Low men in yellow coats by Stephen King

Adrenaline flooded Bobby and turned on lights in his head he hadn’t even known about. He dodged around the stack of boxes, spilling the top two off. His foot struck an empty garbage can and knocked it against the wall. He almost stepped on a hissing furry something — the cat again. Bobby kicked it aside and ran out of the alley. As he turned toward The Corner Pocket he slipped on some sort of greasy goo and went down on one knee. He saw the mortuary clock in its cool blue ring: 9:45. The cab was idling at the curb in front of The Corner Pocket’s door. Ted Brautigan was standing beneath the banner reading COME IN IT’S

KOOL INSIDE, paying the driver. Bent down to the driver’s open window like that, Ted looked more like Boris Karloff than ever.

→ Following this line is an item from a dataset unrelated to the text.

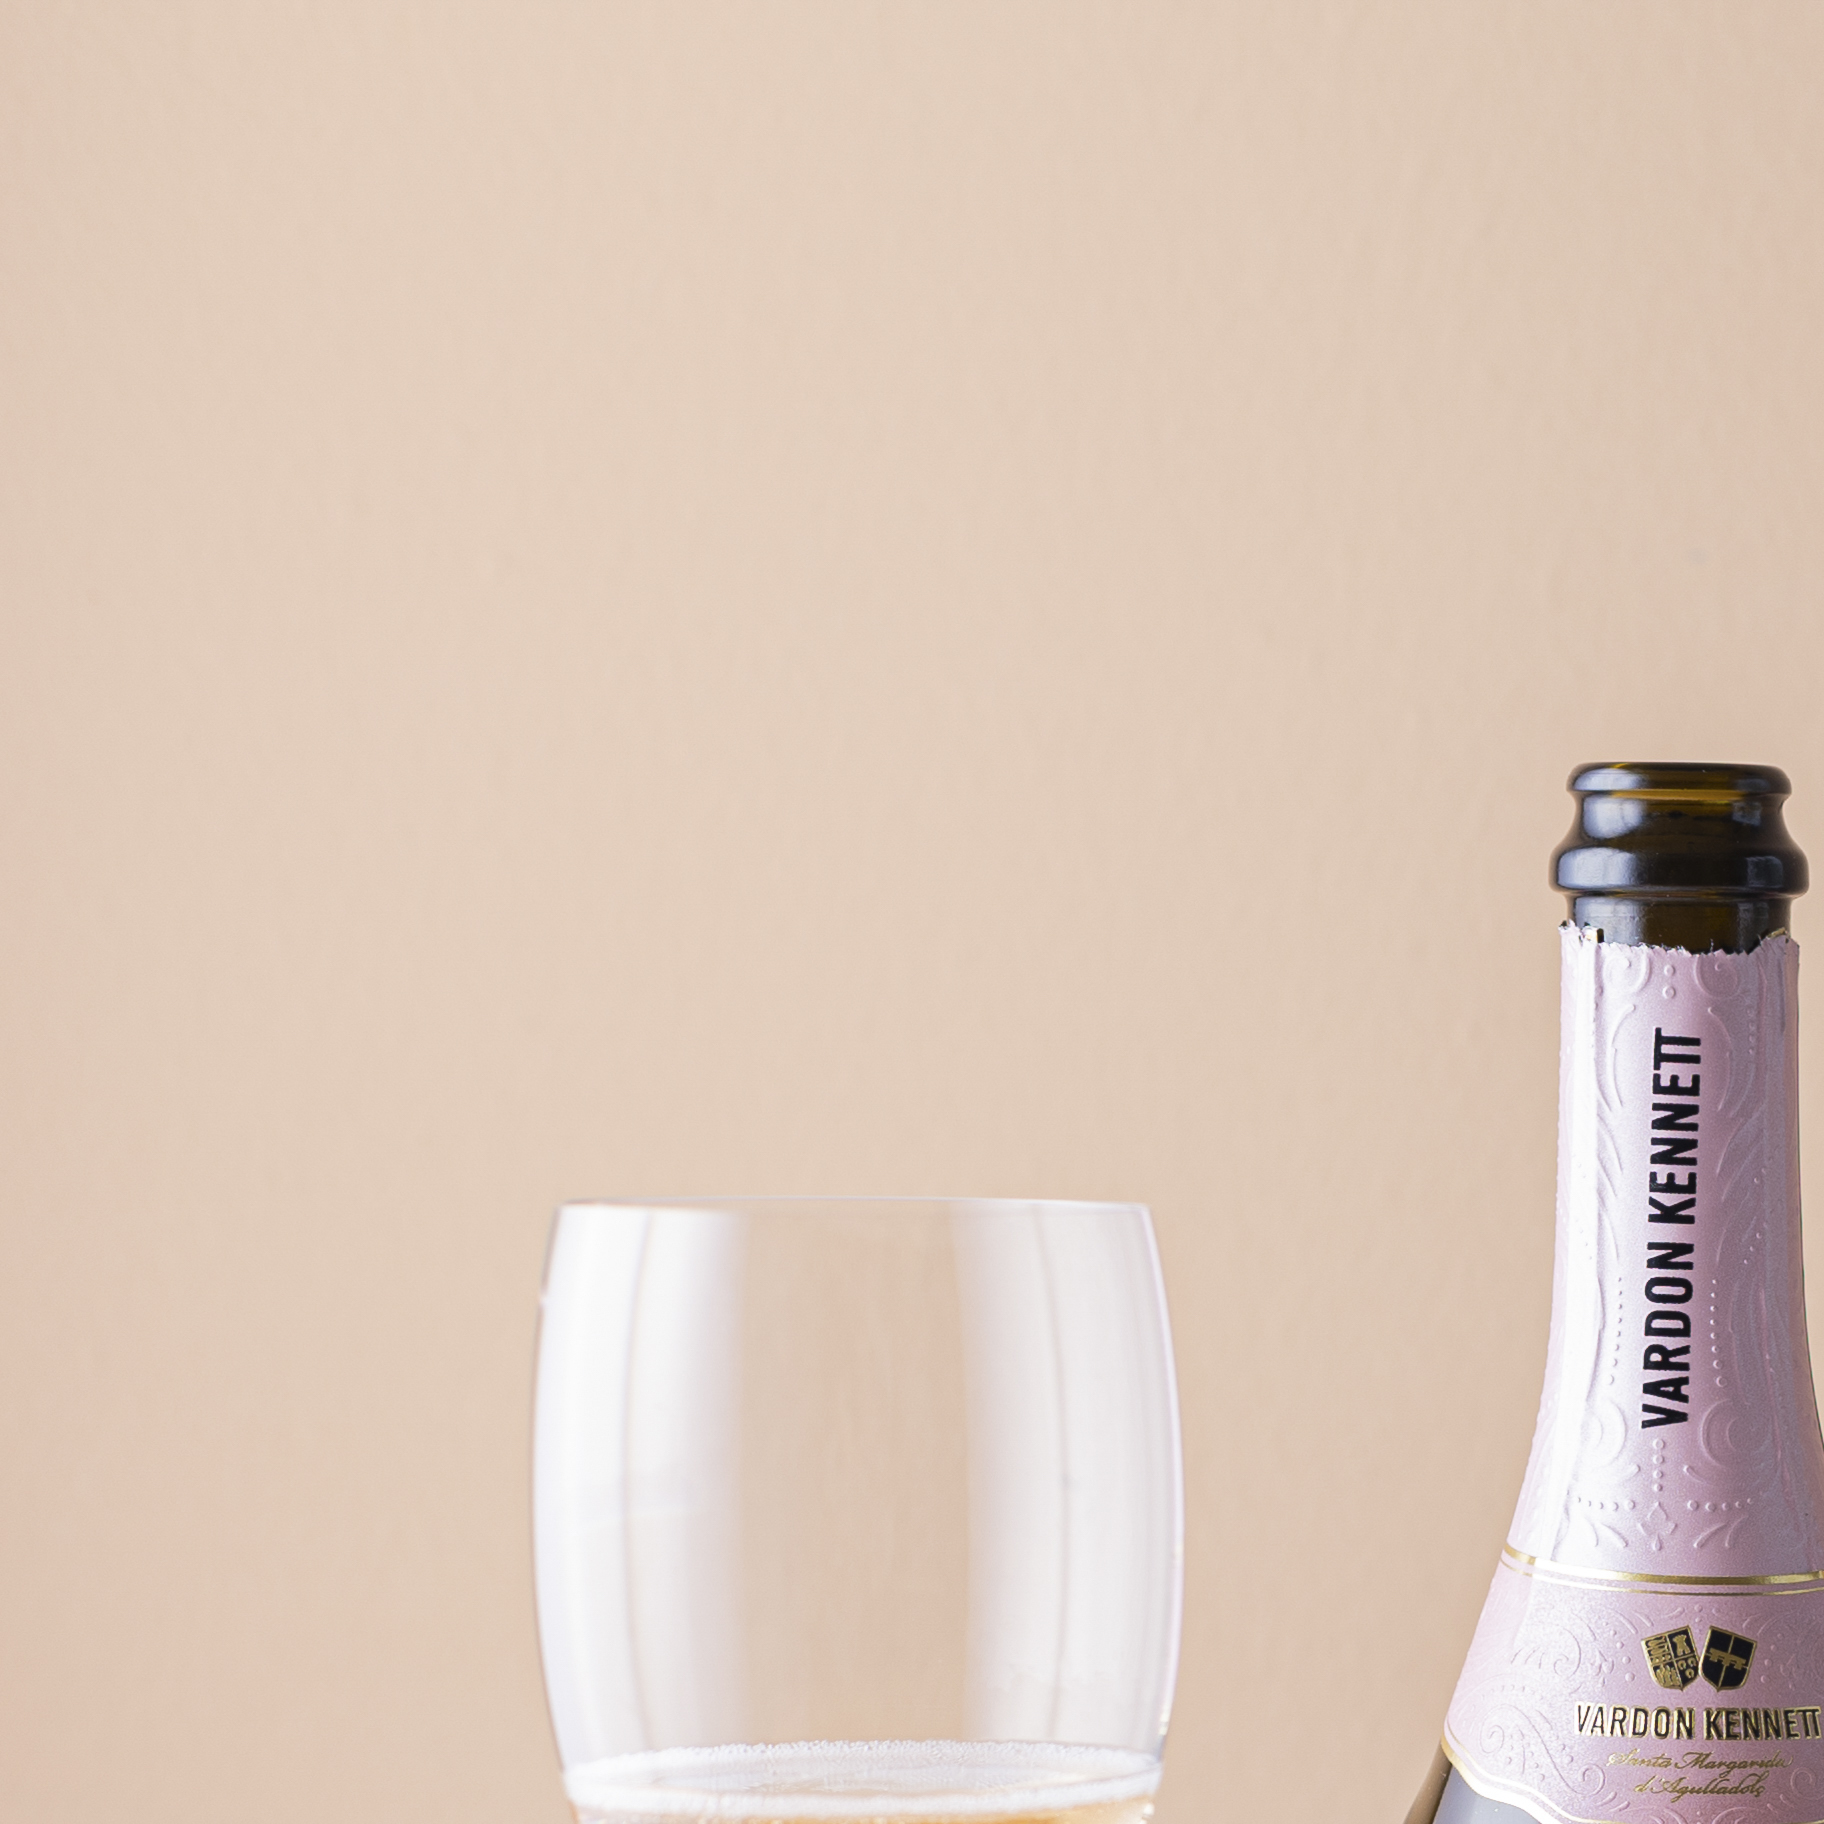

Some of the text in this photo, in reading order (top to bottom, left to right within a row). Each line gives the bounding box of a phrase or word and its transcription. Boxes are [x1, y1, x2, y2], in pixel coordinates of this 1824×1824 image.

[1641, 1027, 1702, 1429] VARDON KENNETT
[1574, 1701, 1822, 1740] VARDON KENNETT
[1606, 1748, 1794, 1778] Santa Margarida

Across from the cab, parked in front of the mortuary, was a huge Oldsmobile as red as Alanna’s pants. It hadn’t been there earlier, Bobby was sure of that. Its shape wasn’t quite solid. Looking at it didn’t just make your eyes want to water; it made your mind want to water.

Ted! Bobby tried to yell, but no yell came out — all he could produce was a strawlike whisper. Why doesn’t he feel them? Bobby thought. How come he doesn’t know?

Maybe because the low men could block him out somehow. Or maybe the people inside The Corner Pocket were doing the blocking. Old Gee and all the rest. The low men had perhaps turned them into human sponges that could soak up the warning signals Ted usually felt.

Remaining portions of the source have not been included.